Images for object localization

☆ ☆ ☆ ☆ ☆

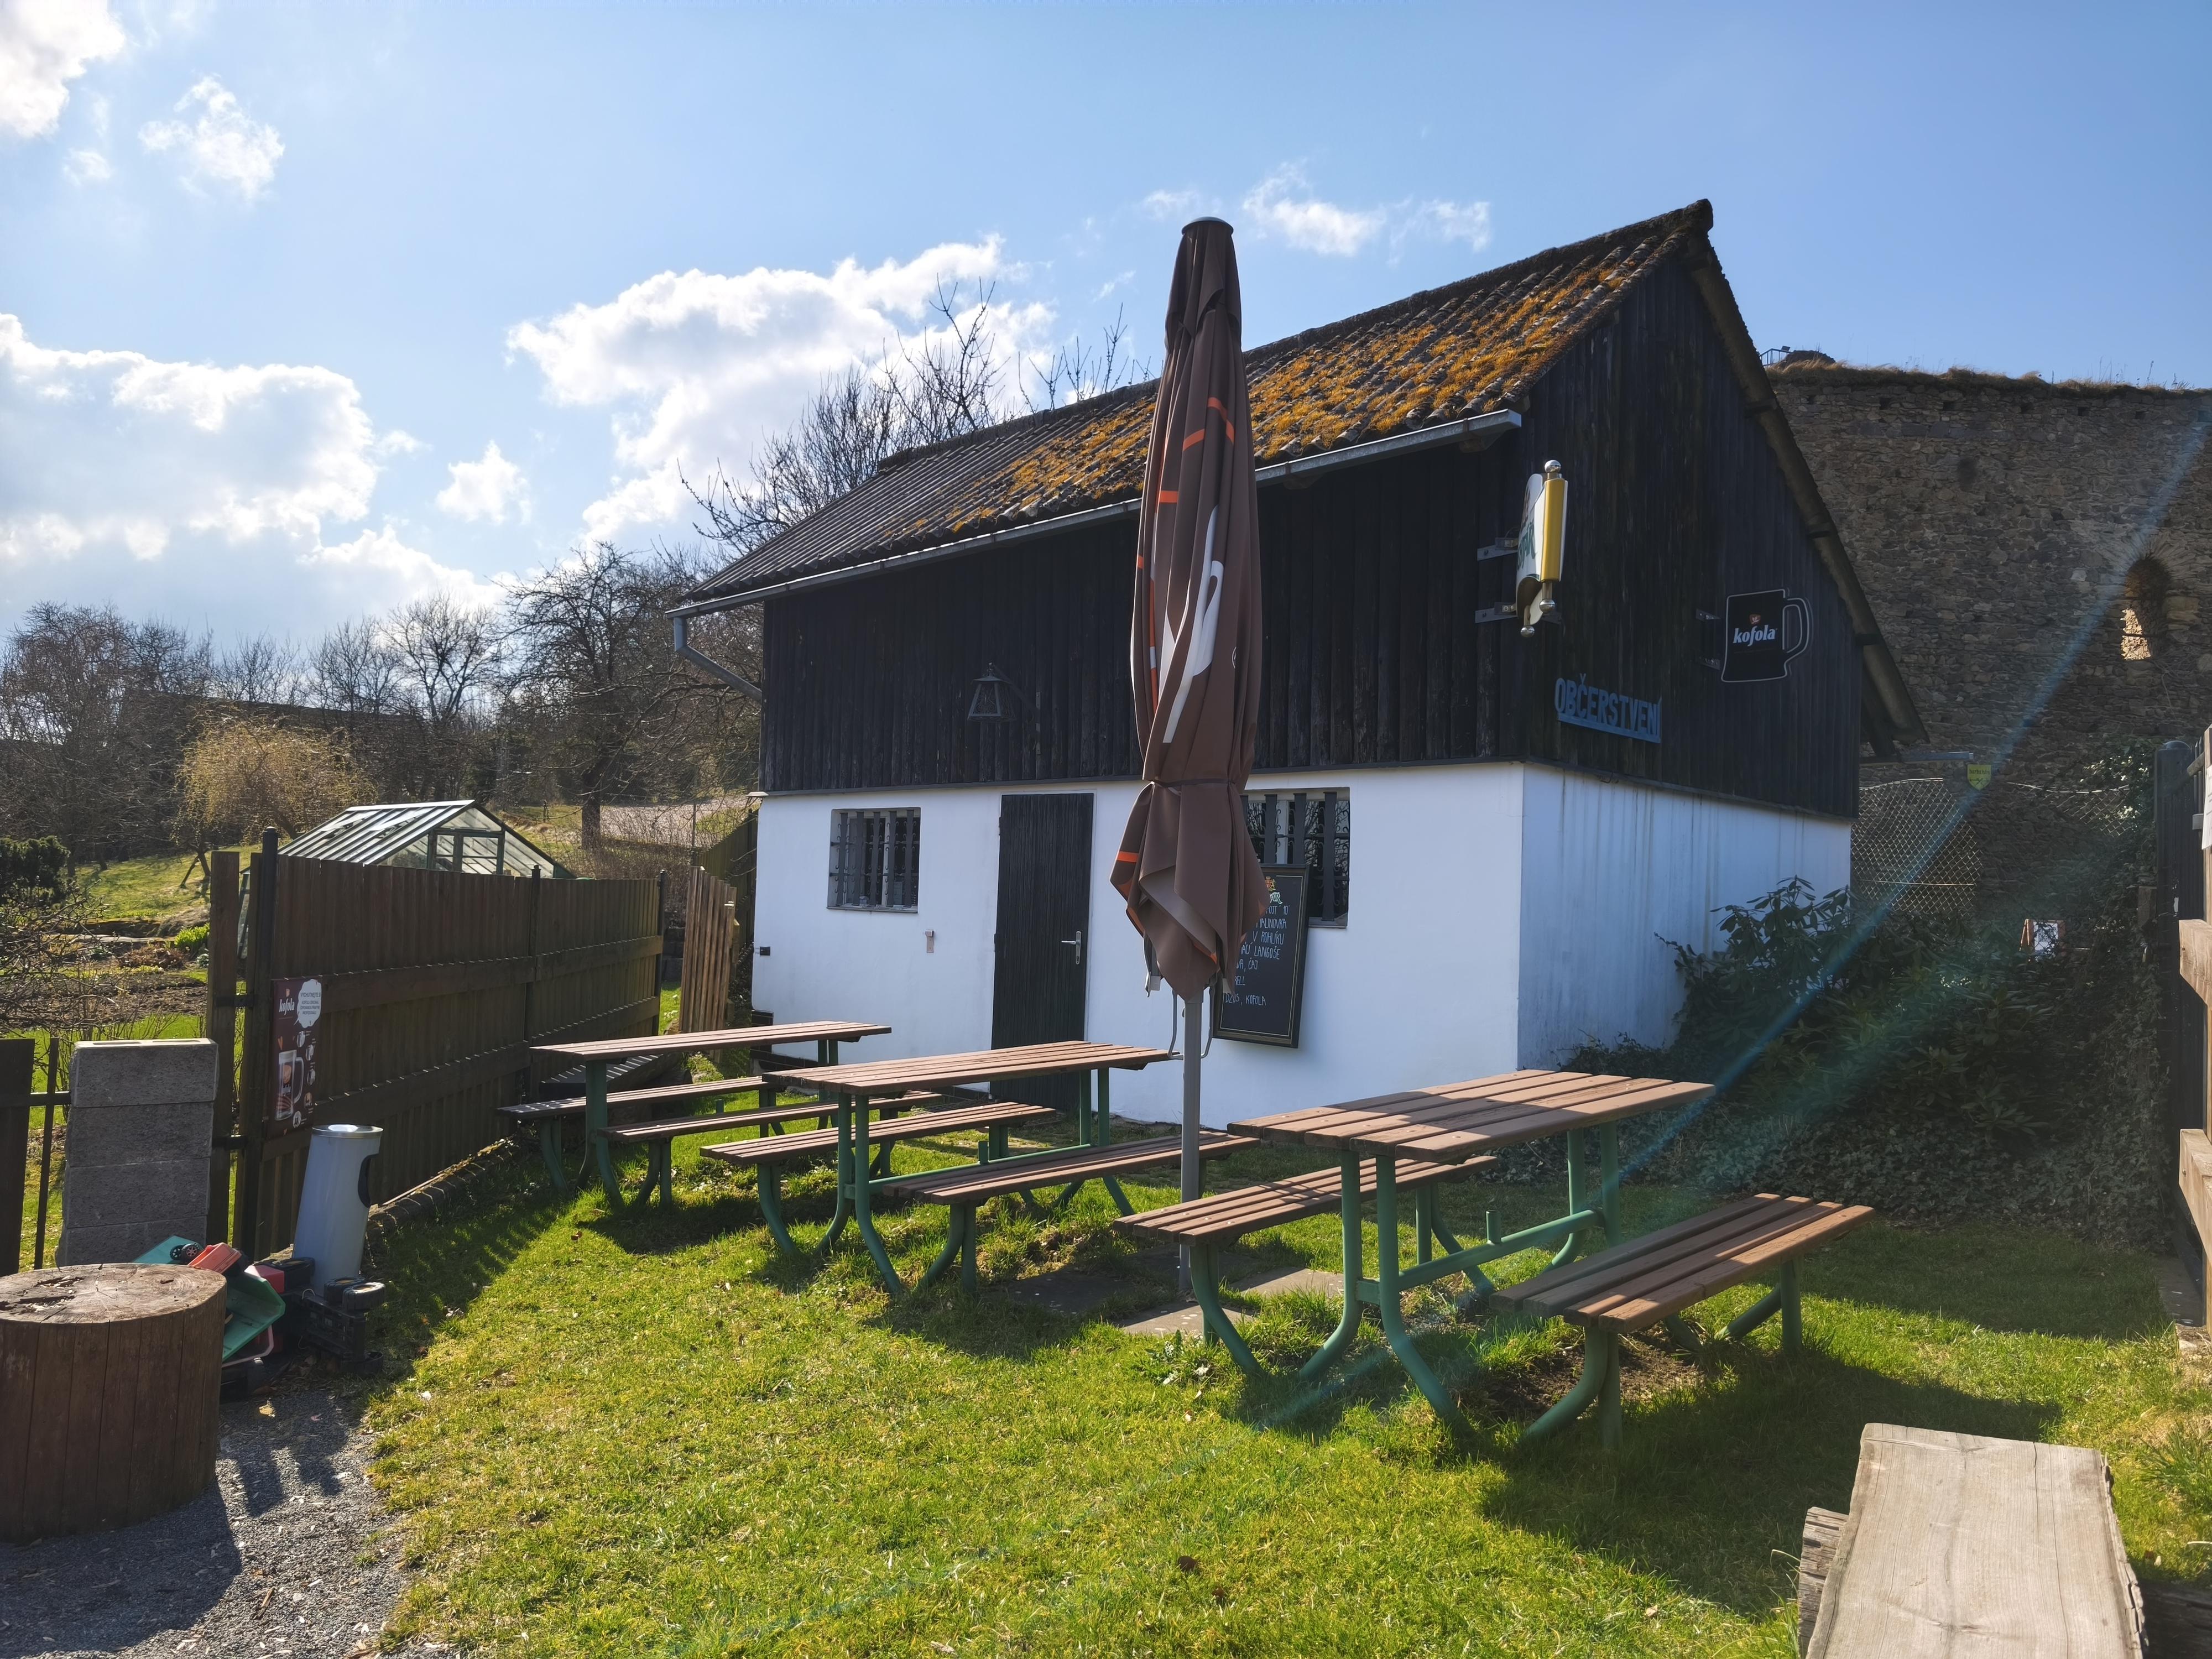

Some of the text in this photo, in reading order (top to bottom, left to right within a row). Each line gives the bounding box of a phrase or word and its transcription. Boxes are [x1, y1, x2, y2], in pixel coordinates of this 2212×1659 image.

[1733, 624, 1776, 647] kofola
[1554, 672, 1662, 738] OBČERSTVENÍ
[1260, 930, 1284, 945] ROHLÍKU
[1254, 946, 1281, 959] LANGOŠE
[1248, 957, 1258, 970] ČAJ
[279, 997, 295, 1015] kofola
[1245, 995, 1266, 1006] KOFOLA
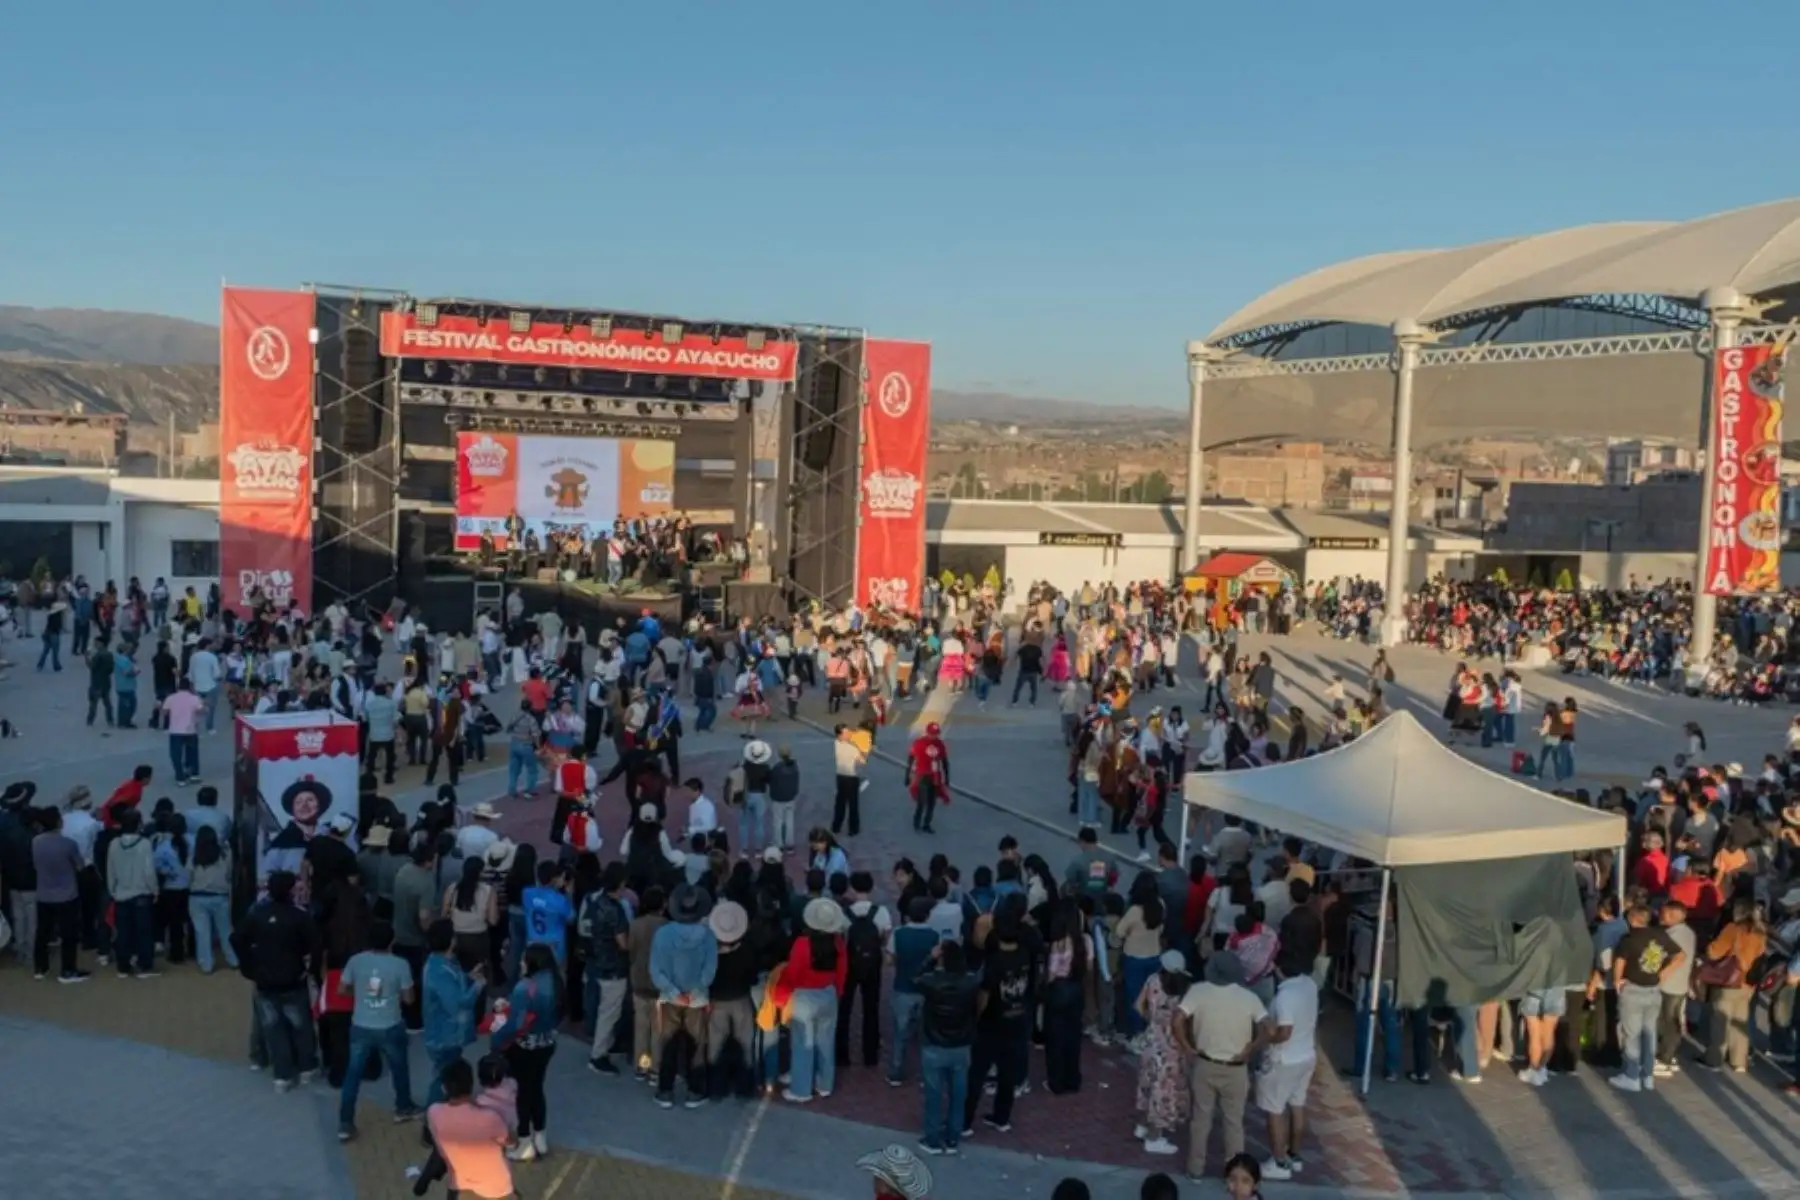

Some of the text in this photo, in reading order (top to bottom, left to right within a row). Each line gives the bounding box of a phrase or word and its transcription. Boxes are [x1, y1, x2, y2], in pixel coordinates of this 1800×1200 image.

☆ ☆ ☆ ☆ ☆

** Work order **
Nothing but an exact repeat of the records, pictures excluded, belongs in the answer.

** Written response **
Some of the text in this photo, in reading order (top to bottom, left to right within a row). Each line gives the bounding box of a phrase or word and its transcription. Boxes are [x1, y1, x2, y2], in pixel coordinates of this 2212×1659 image.

[1733, 624, 1776, 647] kofola
[1554, 672, 1662, 738] OBČERSTVENÍ
[1260, 930, 1284, 945] ROHLÍKU
[1254, 946, 1281, 959] LANGOŠE
[1248, 957, 1258, 970] ČAJ
[279, 997, 295, 1015] kofola
[1245, 995, 1266, 1006] KOFOLA

Some of the text in this photo, in reading order (top to bottom, left to right within a row). Each line gives the bounding box of a phrase or word and its transcription. Boxes are [x1, y1, x2, y2], in pixel coordinates of this 1800×1200 image.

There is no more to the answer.